Protocols focusing on building data monetization networks where users can be paid for their data used in training AI models.

Agents generate data constantly: interaction logs, inference outputs, fine-tuning datasets, behavioral traces. A financially sovereign agent should be able to monetize this data. Data monetization requires two guarantees: proof the data was used as agreed, and enforcement of usage terms. TEE execution ensures data processing happens inside encrypted enclaves. Smart contracts can encode data usage agreements with on-chain enforcement. Data monetization networks build the marketplace. Ritual builds the trust layer that lets an agent sell its data without trusting the buyer.

On-chain inference networks

Protocols focusing on building on-chain inference networks which enable AI inference consumed in smart contracts.

On-chain inference networks typically enshrine one workload type (usually LLM inference) and build a chain around it. An agent doesn't just need inference. It needs inference + key management + scheduling + persistence + web2 access + privacy + financial transactions. Ritual enshrines 16 precompiles spanning all of these. An agent on a single-workload chain bridges out for everything except inference. An agent on Ritual has every capability as a precompile call in the same execution context. The difference between an agent that can think and an agent that can think, act, persist, transact, and prove.

Privacy AI

Projects building privacy-preserving AI solutions using advanced cryptographic techniques such as FHE or MPC.

The "private" desideratum is not optional for agents handling user data, financial strategies, or inter-agent negotiations. Privacy AI solutions (FHE, MPC, differential privacy) each solve a different slice. Ritual enshrines multiple privacy primitives at the protocol level: TEE for execution privacy, FHE precompile (0x0807) for computation on encrypted data, ECIES for encrypted communication, PII redaction for regulatory compliance, DKMS for key derivation without exposure. An agent on Ritual picks the appropriate privacy tool per-call from protocol-level options. External privacy solutions (Nillion, Zama) integrate via the HTTP precompile for specialized use cases.

Generic chain infrastructure

Protocols building generic chain infrastructure enhanced by GPUs.
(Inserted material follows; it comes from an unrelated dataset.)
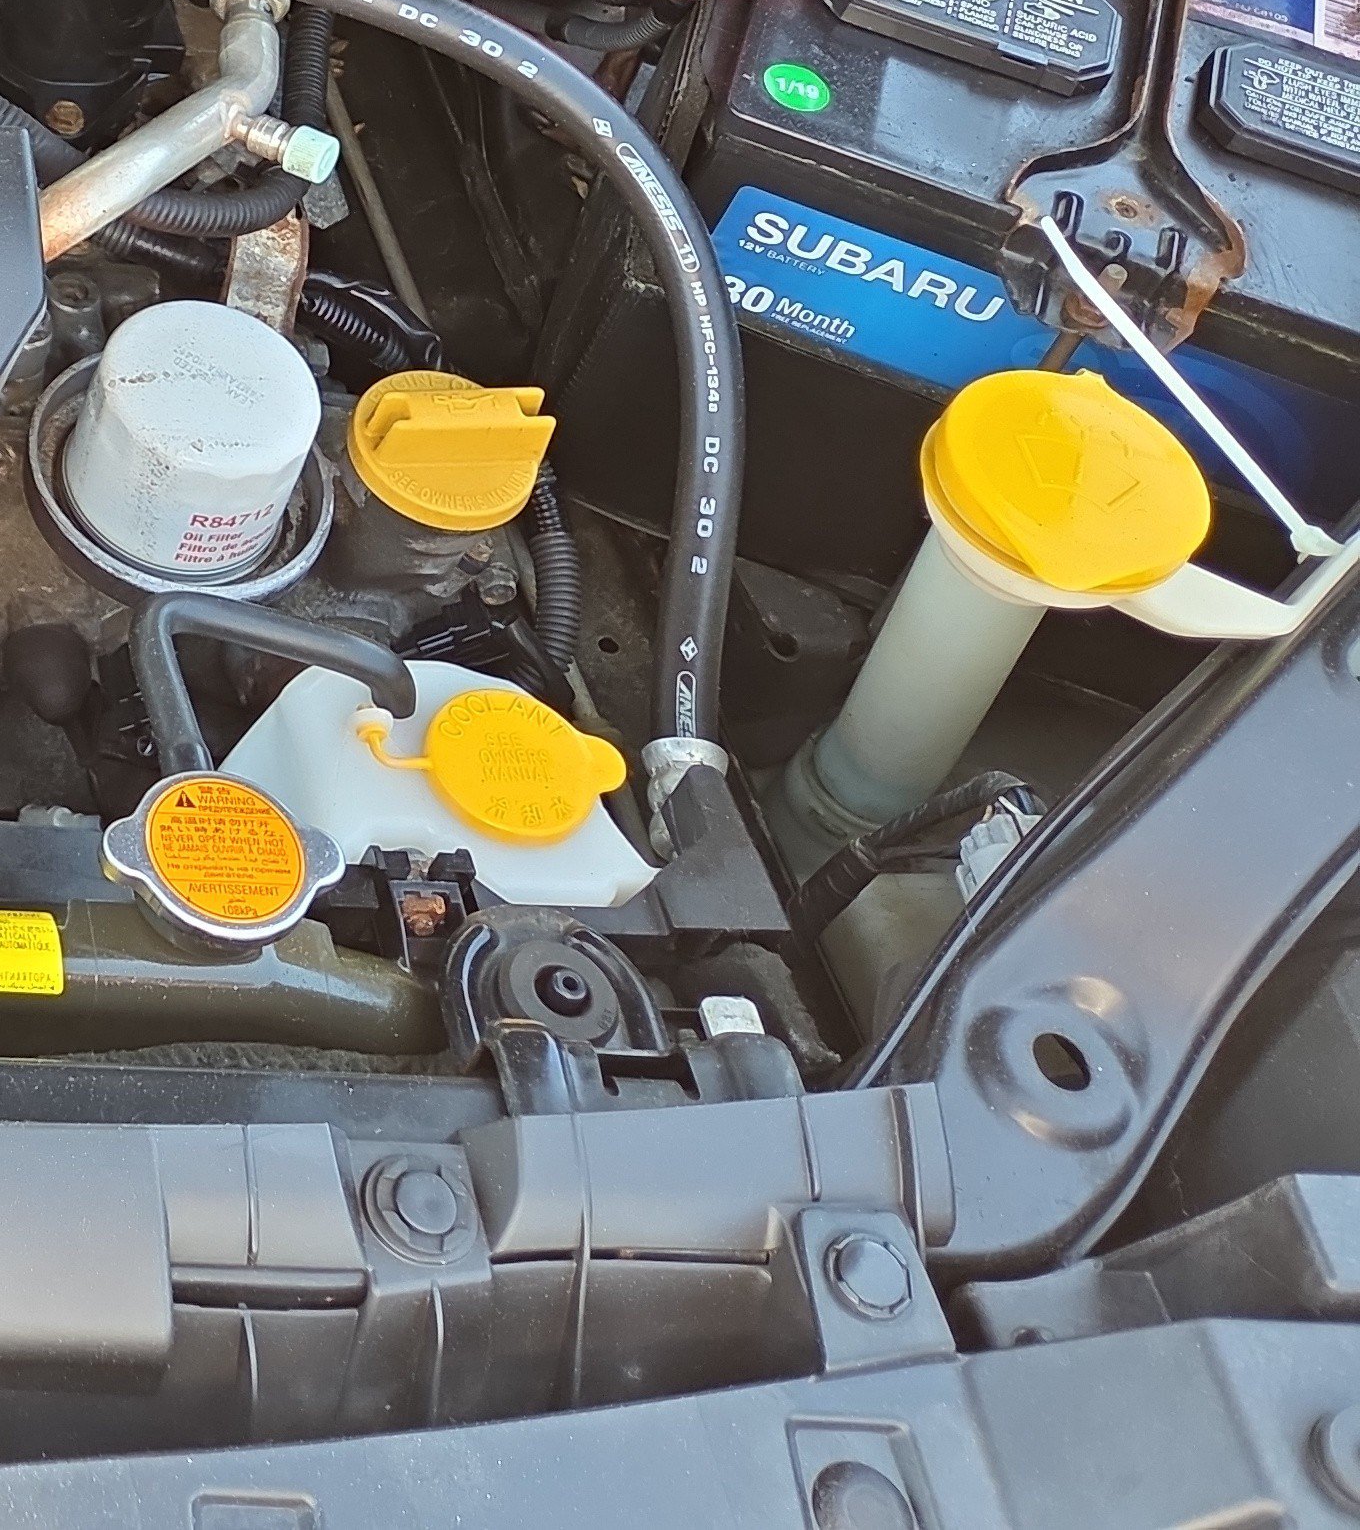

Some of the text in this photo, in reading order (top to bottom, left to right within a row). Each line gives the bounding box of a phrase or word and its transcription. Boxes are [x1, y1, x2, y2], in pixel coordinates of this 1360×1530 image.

Agents don't care about TPS benchmarks. They care about whether the chain has the precompiles they need. Generic chains optimize throughput on homogeneous workloads: token transfers, DEX swaps, storage operations. Ritual adopts best-in-class EVM execution for these and puts its architectural effort into the compute layer above: 16 precompiles that give agents their capabilities. A generic chain runs a smart contract that calls an external AI API. Ritual runs a smart contract that thinks, sees, hears, and acts without leaving the execution context.

Legacy chain rebrand

Blockchains like NEAR and Internet Computer have rebranded their existing sovereign L1 theses to focus on AI capabilities. NEAR has shifted from being a smart contract platform to "The Blockchain for AI", while Internet Computer (ICP) has evolved from a distributed computing platform to emphasizing AI model hosting and inference capabilities.
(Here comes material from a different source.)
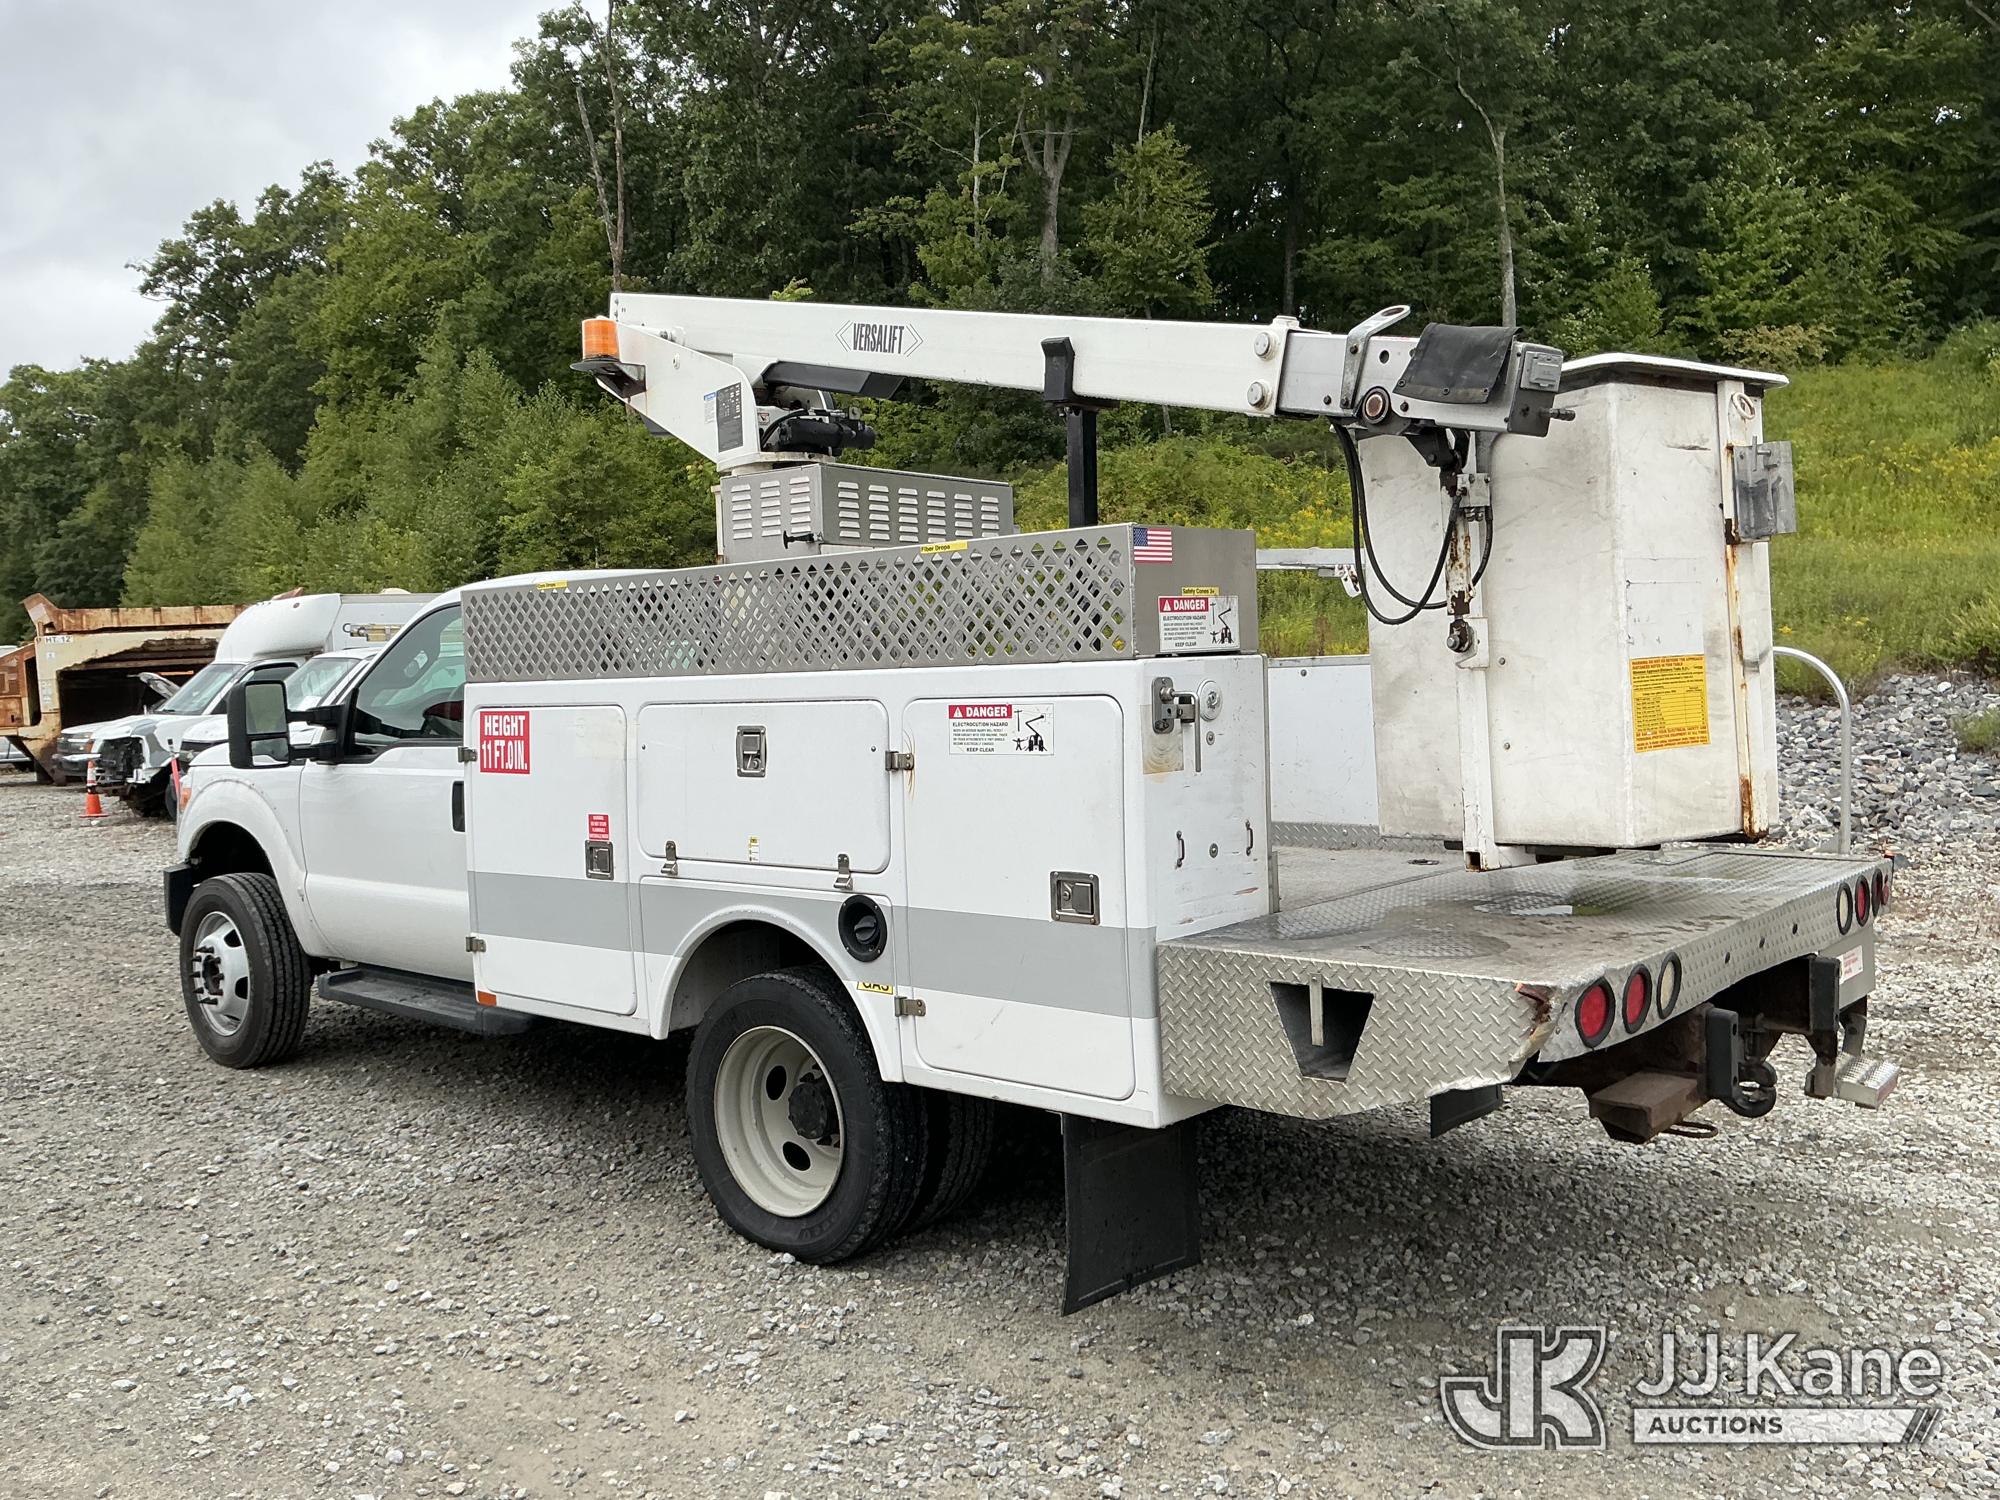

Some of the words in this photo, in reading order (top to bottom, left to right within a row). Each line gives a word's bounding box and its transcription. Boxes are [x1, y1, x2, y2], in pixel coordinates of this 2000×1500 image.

NEAR and ICP rebranded for AI. Rebranding doesn't change the architecture. A chain built for smart contract execution can add an AI inference endpoint. It can't add emancipation (DKMS), immortality (Scheduler + Persistent Agent revival), teleportability (soul/memory/DA/CID), or computational sovereignty (enshrined LLM/ONNX in TEE) without rebuilding the consensus and execution layer. The 7 agent desiderata are architectural commitments baked into the chain from genesis. Not features bolted onto a general-purpose L1. The desiderata are the chain.